_Task requirements:_ Take the line containing "this 1920×1044 image." as the first and the last line of the records below as the end, and please set down only what lies between them exactly, both ends included.

_Given data:_

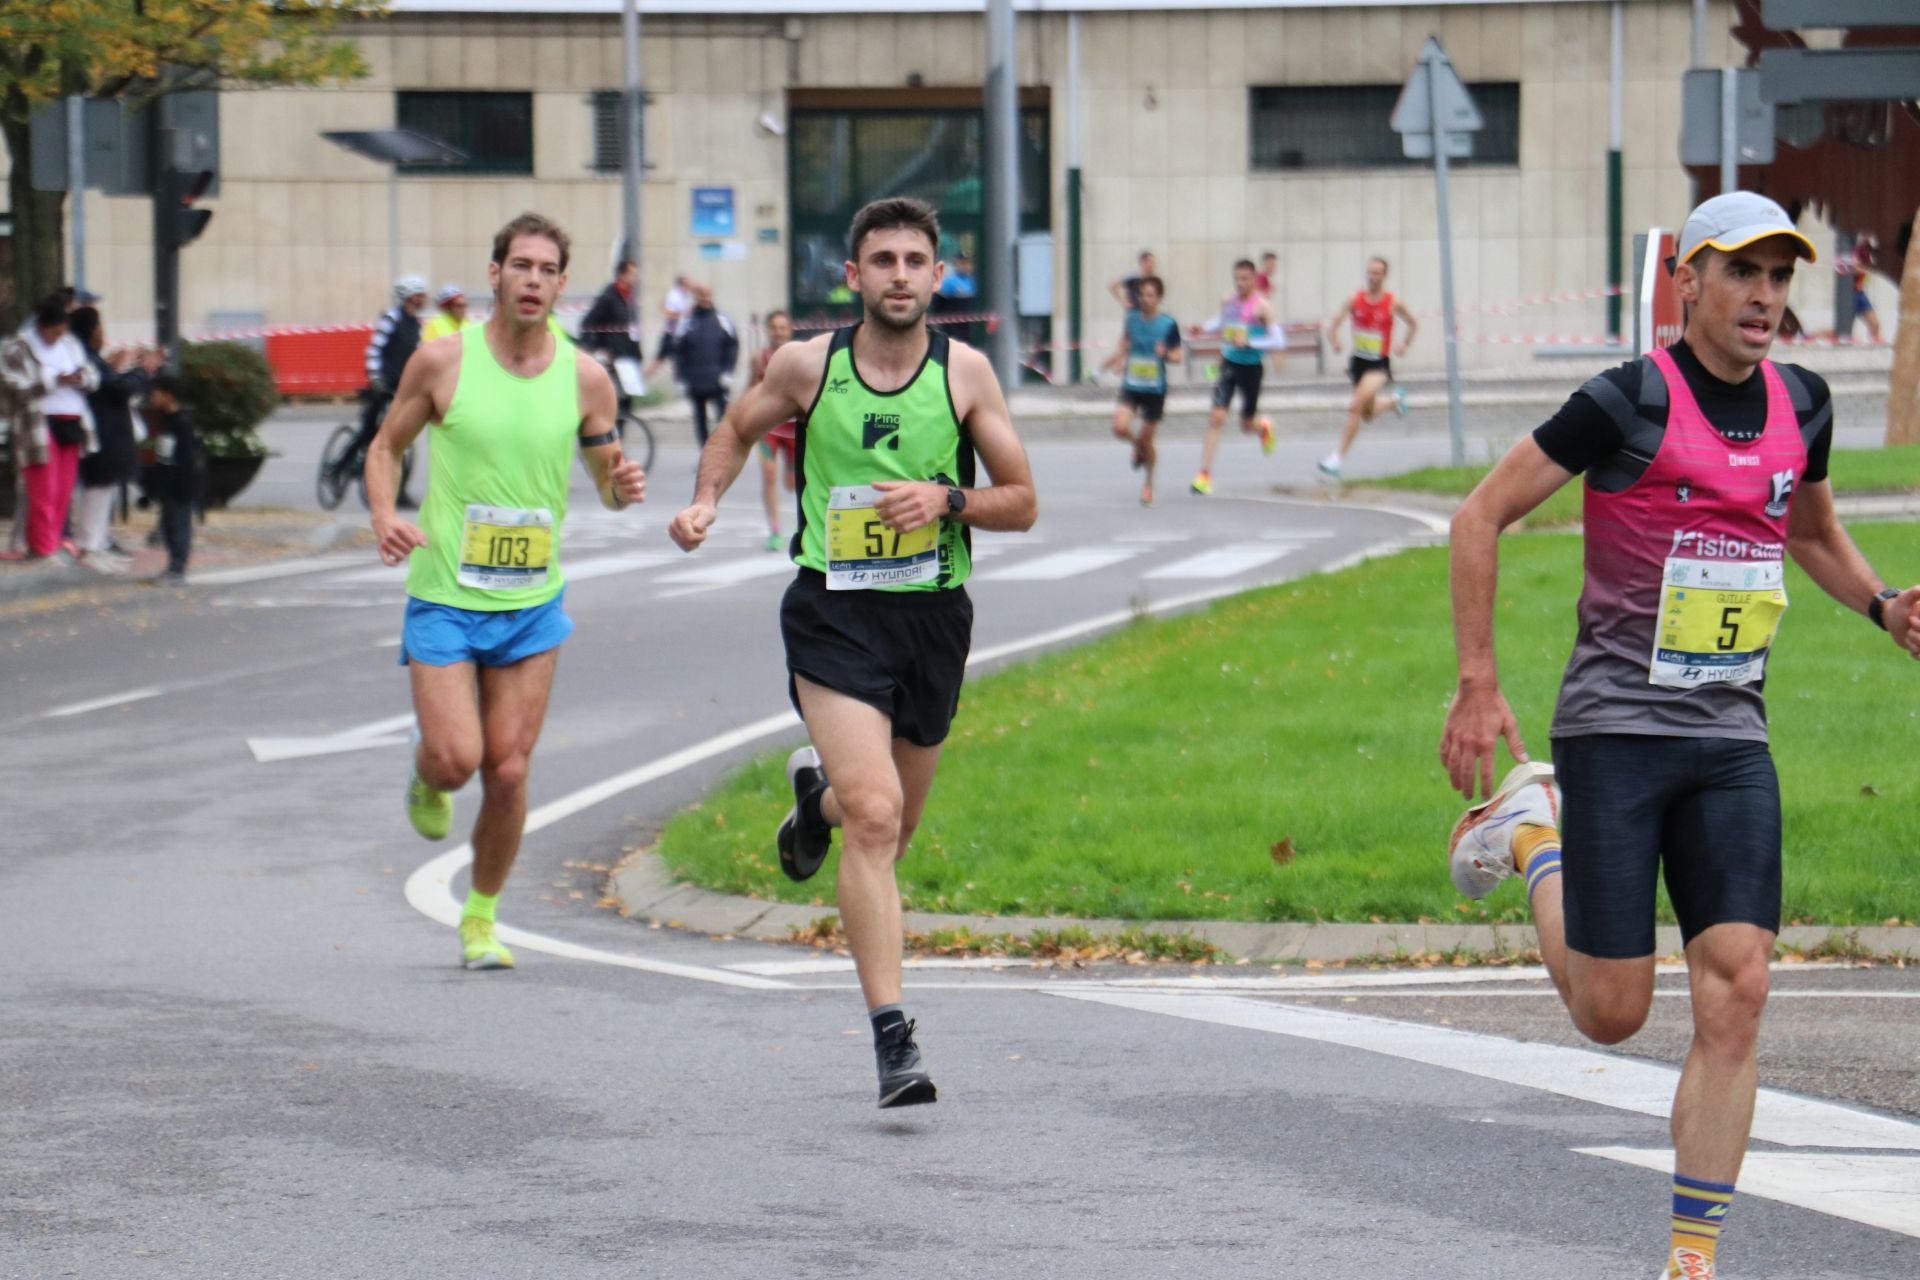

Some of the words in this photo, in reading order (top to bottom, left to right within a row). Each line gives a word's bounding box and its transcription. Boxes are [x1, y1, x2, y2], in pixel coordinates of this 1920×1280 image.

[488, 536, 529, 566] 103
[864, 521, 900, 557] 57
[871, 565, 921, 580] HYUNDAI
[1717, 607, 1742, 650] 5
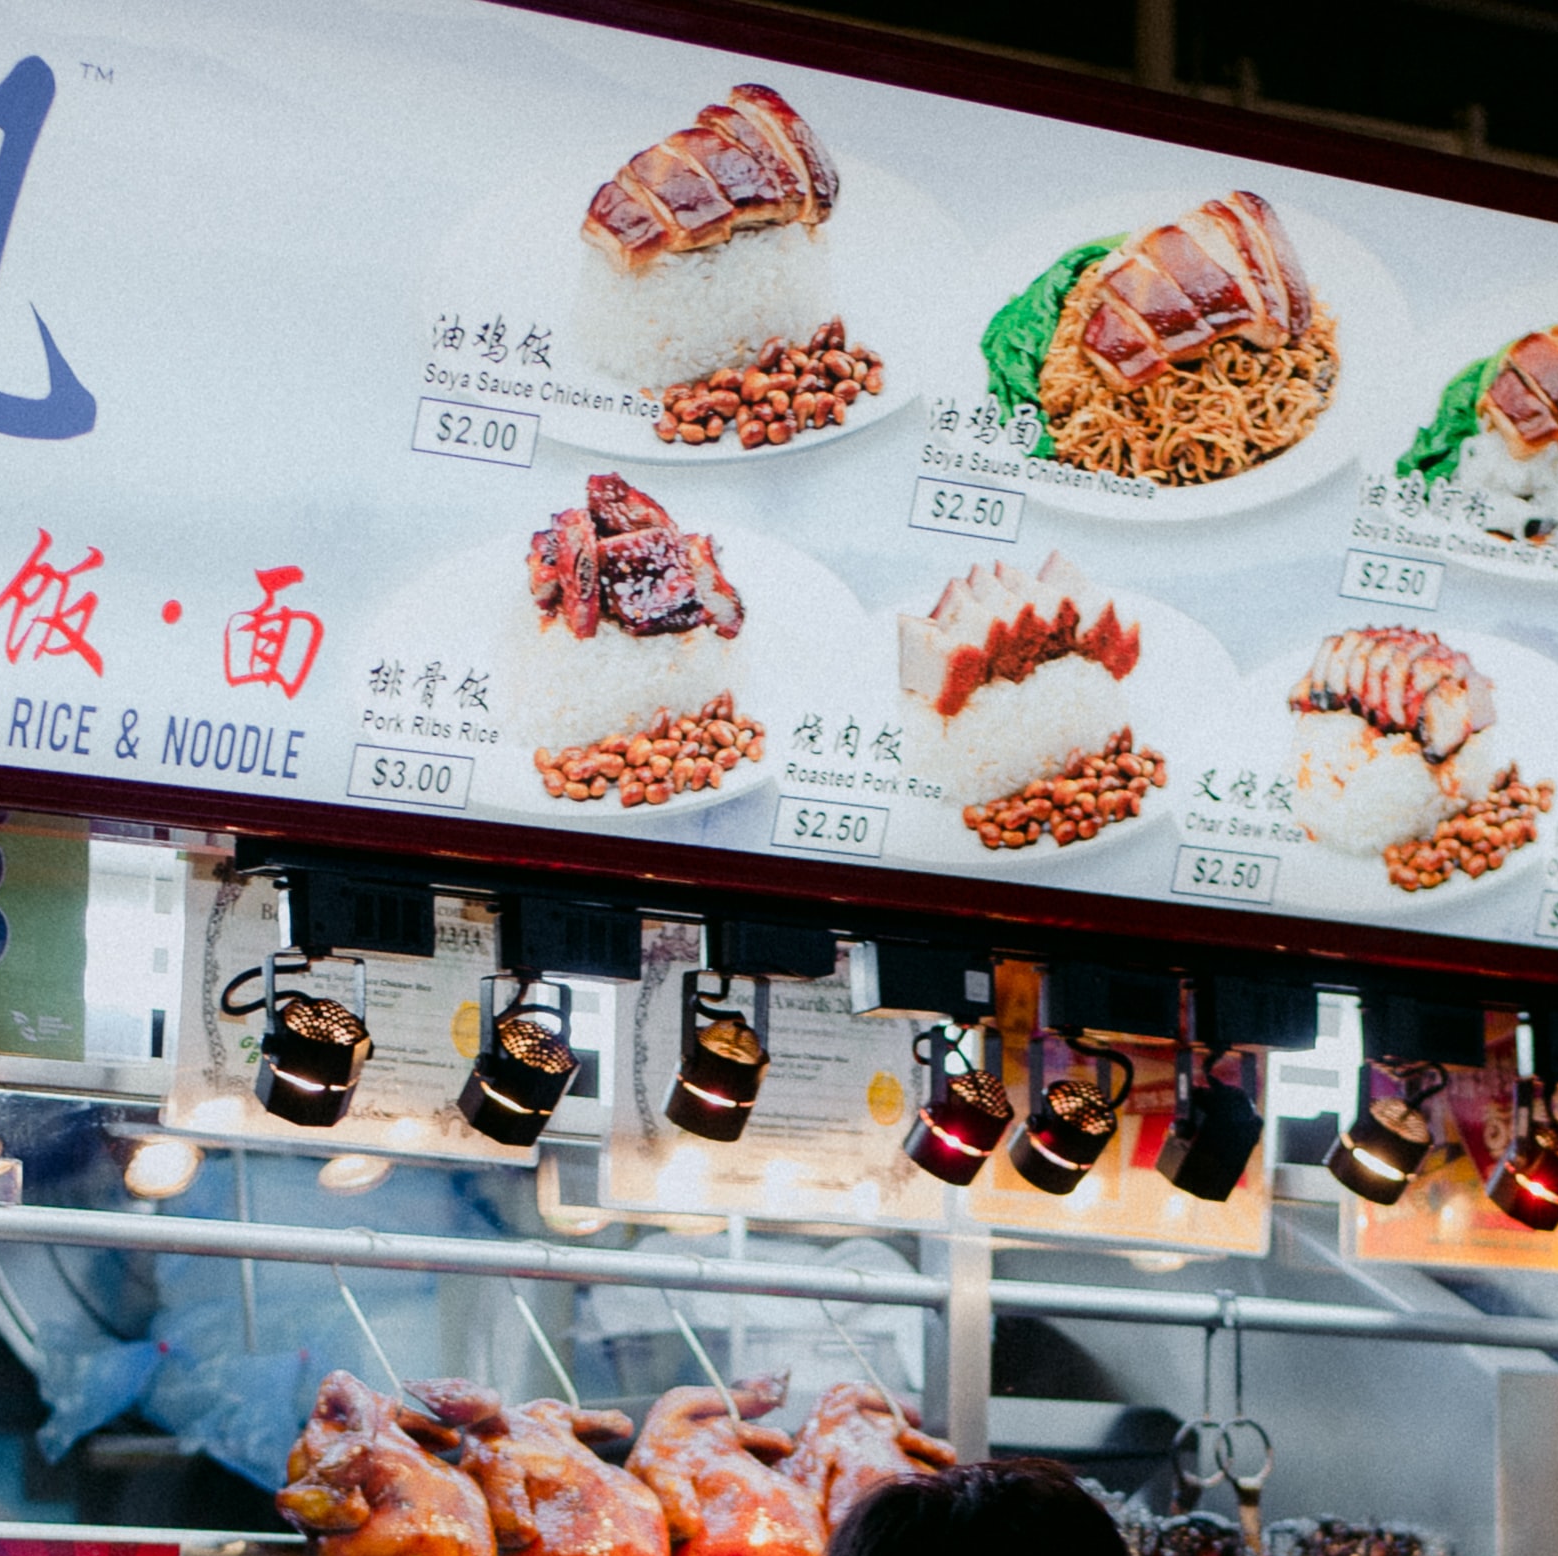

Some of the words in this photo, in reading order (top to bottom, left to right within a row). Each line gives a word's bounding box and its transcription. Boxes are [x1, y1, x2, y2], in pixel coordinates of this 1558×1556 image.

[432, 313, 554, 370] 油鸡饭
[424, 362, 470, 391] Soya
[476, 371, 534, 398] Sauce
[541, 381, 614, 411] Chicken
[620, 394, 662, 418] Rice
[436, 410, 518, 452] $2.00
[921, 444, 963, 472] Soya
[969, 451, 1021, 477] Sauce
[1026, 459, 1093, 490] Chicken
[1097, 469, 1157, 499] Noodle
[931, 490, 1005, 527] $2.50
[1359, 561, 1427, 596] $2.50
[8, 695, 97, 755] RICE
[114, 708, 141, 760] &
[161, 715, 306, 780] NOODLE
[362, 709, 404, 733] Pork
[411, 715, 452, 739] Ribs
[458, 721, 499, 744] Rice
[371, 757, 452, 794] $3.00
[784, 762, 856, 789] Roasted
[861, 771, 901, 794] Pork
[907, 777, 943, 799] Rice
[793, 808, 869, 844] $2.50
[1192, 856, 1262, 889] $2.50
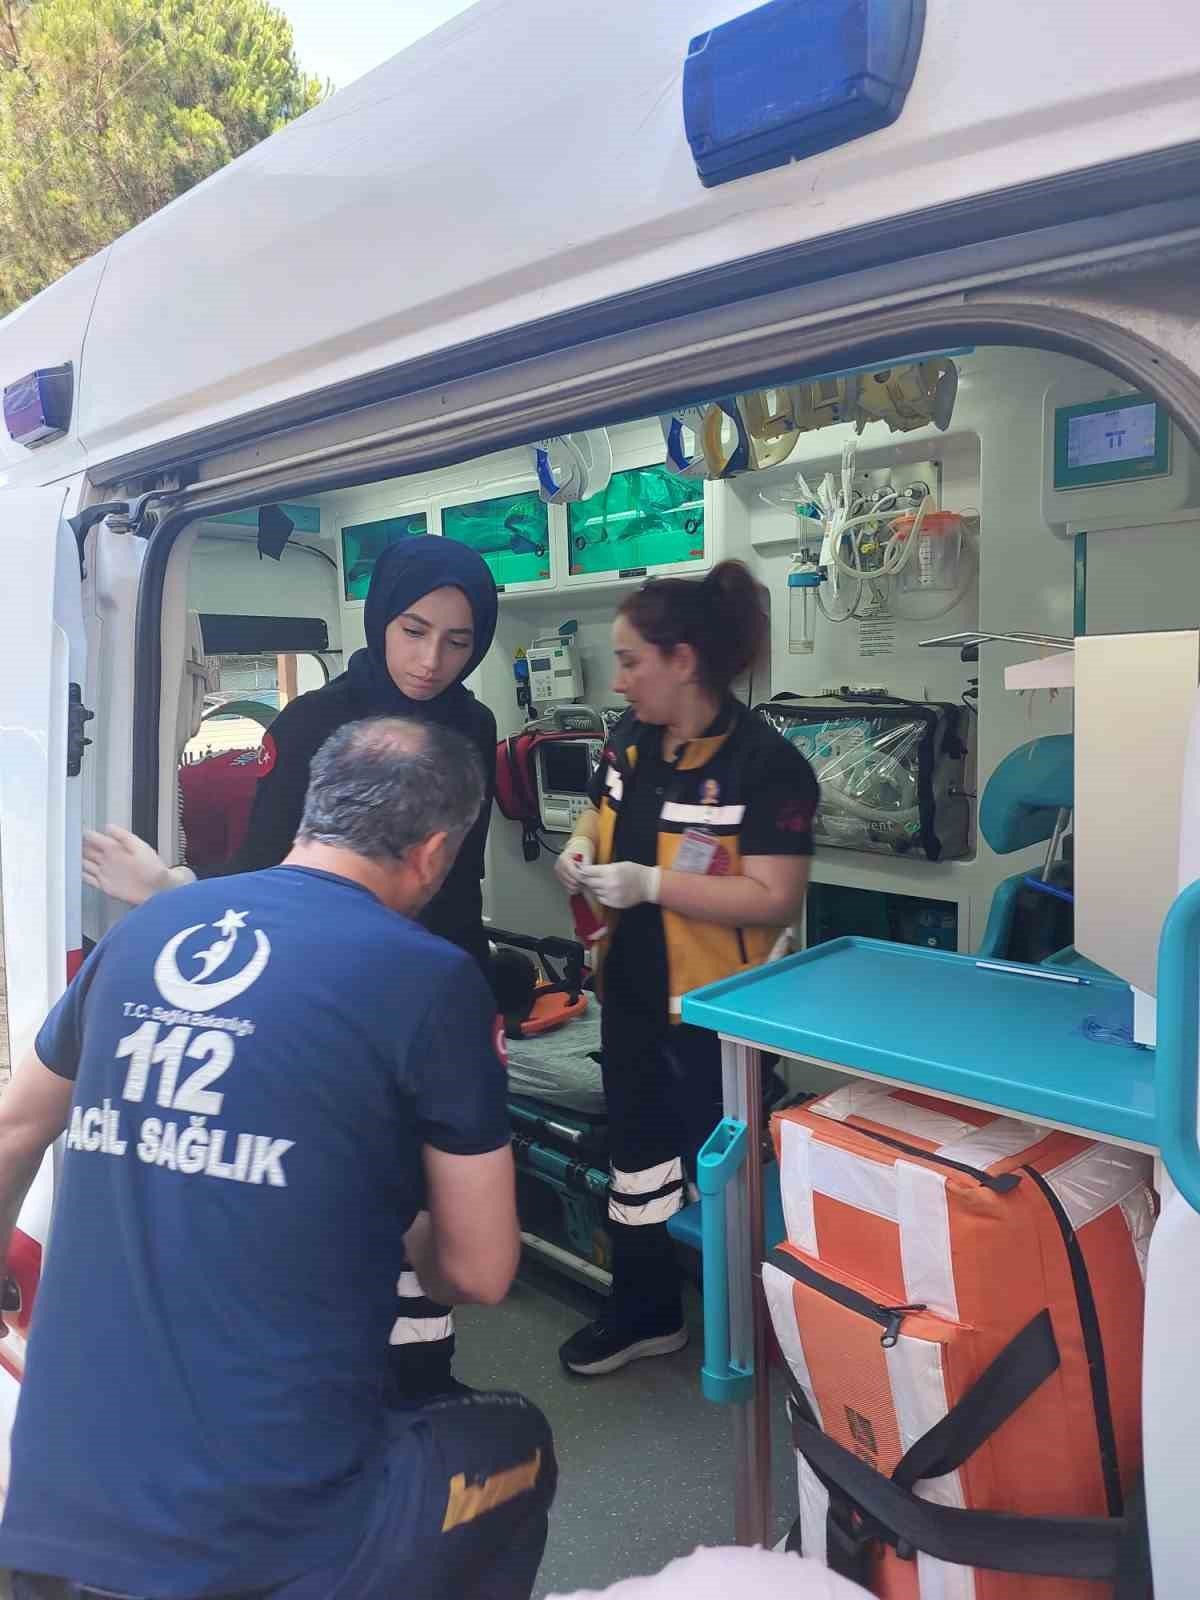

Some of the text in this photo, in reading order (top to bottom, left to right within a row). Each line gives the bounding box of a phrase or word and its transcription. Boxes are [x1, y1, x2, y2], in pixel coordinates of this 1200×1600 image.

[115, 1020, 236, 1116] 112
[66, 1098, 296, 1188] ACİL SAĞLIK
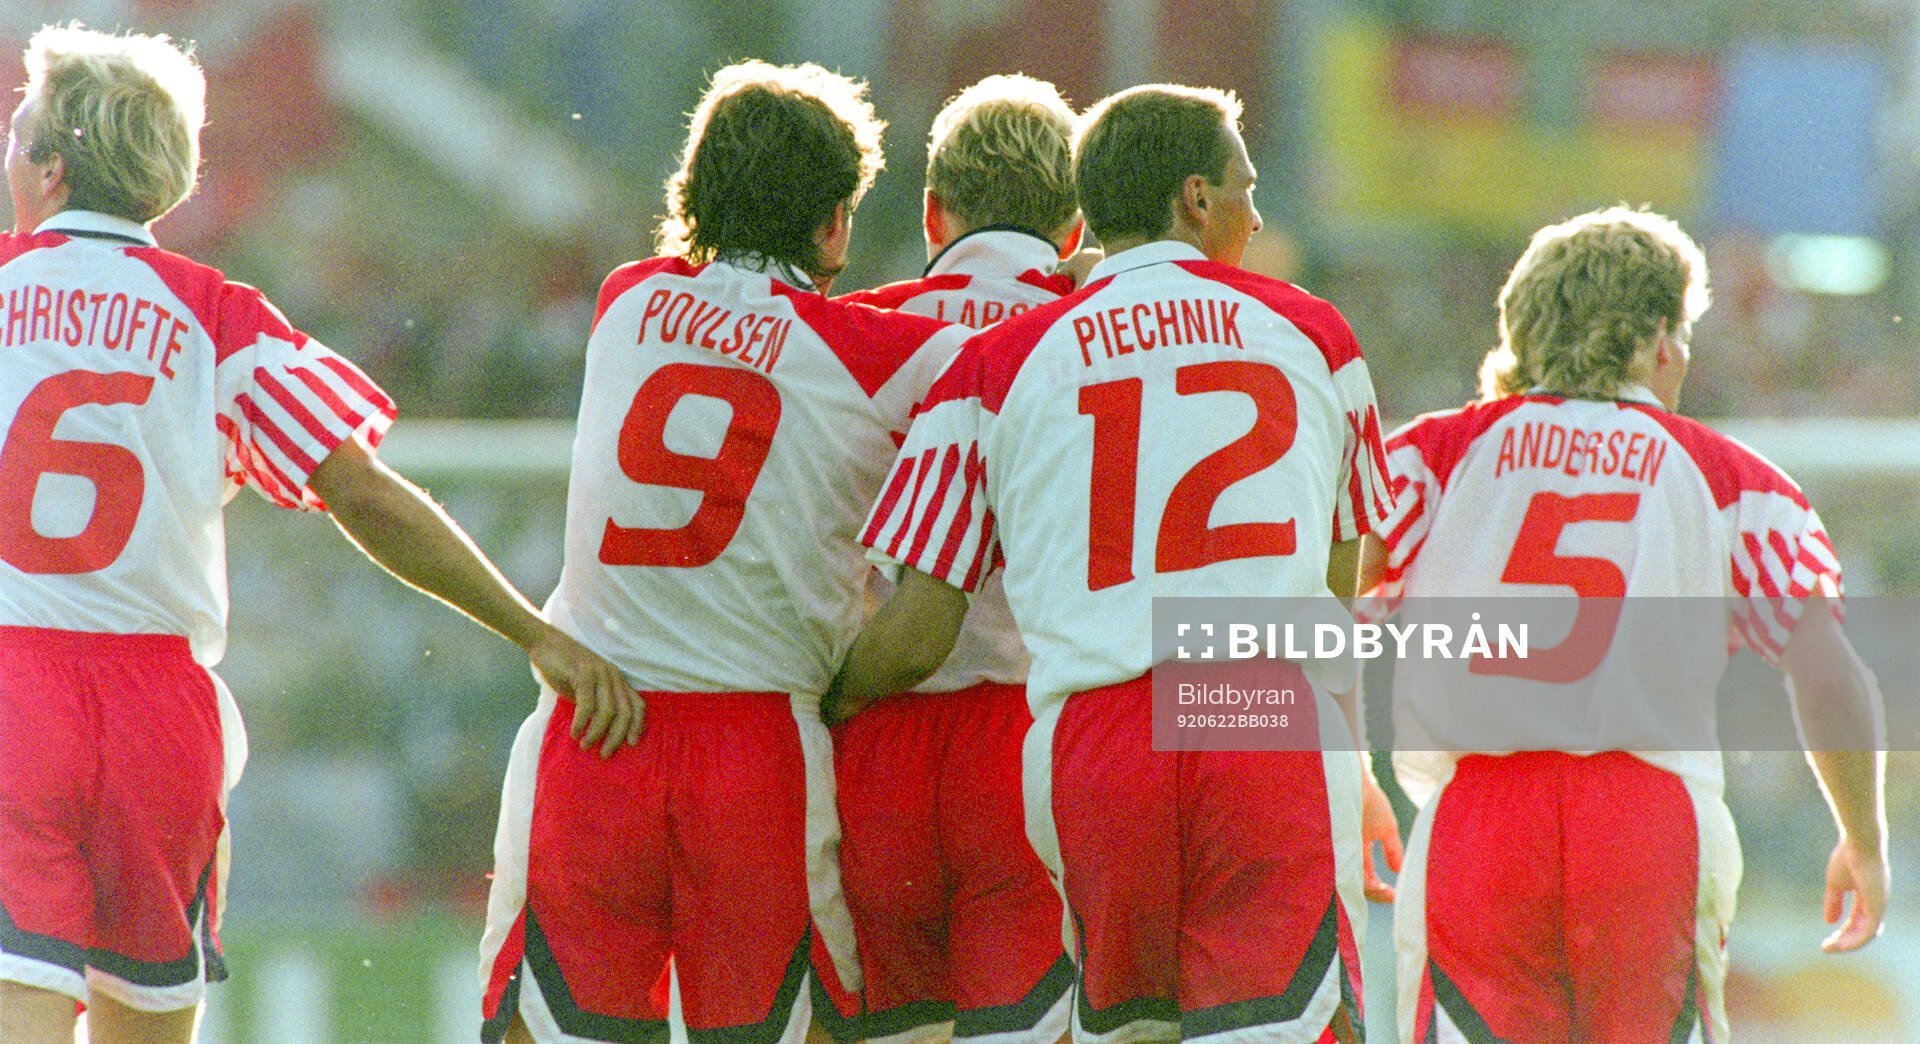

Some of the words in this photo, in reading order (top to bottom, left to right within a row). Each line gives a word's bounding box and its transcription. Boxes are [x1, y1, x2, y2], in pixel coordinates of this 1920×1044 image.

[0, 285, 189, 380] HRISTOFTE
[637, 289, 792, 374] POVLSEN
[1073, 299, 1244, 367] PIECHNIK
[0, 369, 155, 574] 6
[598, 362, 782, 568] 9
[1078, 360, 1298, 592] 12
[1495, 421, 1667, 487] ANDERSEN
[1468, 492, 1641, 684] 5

_Output for this exercise:_
Some of the words in this photo, in reading order (top to bottom, left to right within a row). Each line gives a word's bounding box and its transcription. Boxes are [x1, y1, x2, y2], in pixel coordinates of this 1920×1044 image.

[0, 285, 189, 380] HRISTOFTE
[637, 289, 792, 374] POVLSEN
[1073, 299, 1244, 367] PIECHNIK
[0, 369, 155, 574] 6
[598, 362, 782, 568] 9
[1078, 360, 1298, 592] 12
[1495, 421, 1667, 487] ANDERSEN
[1468, 492, 1641, 684] 5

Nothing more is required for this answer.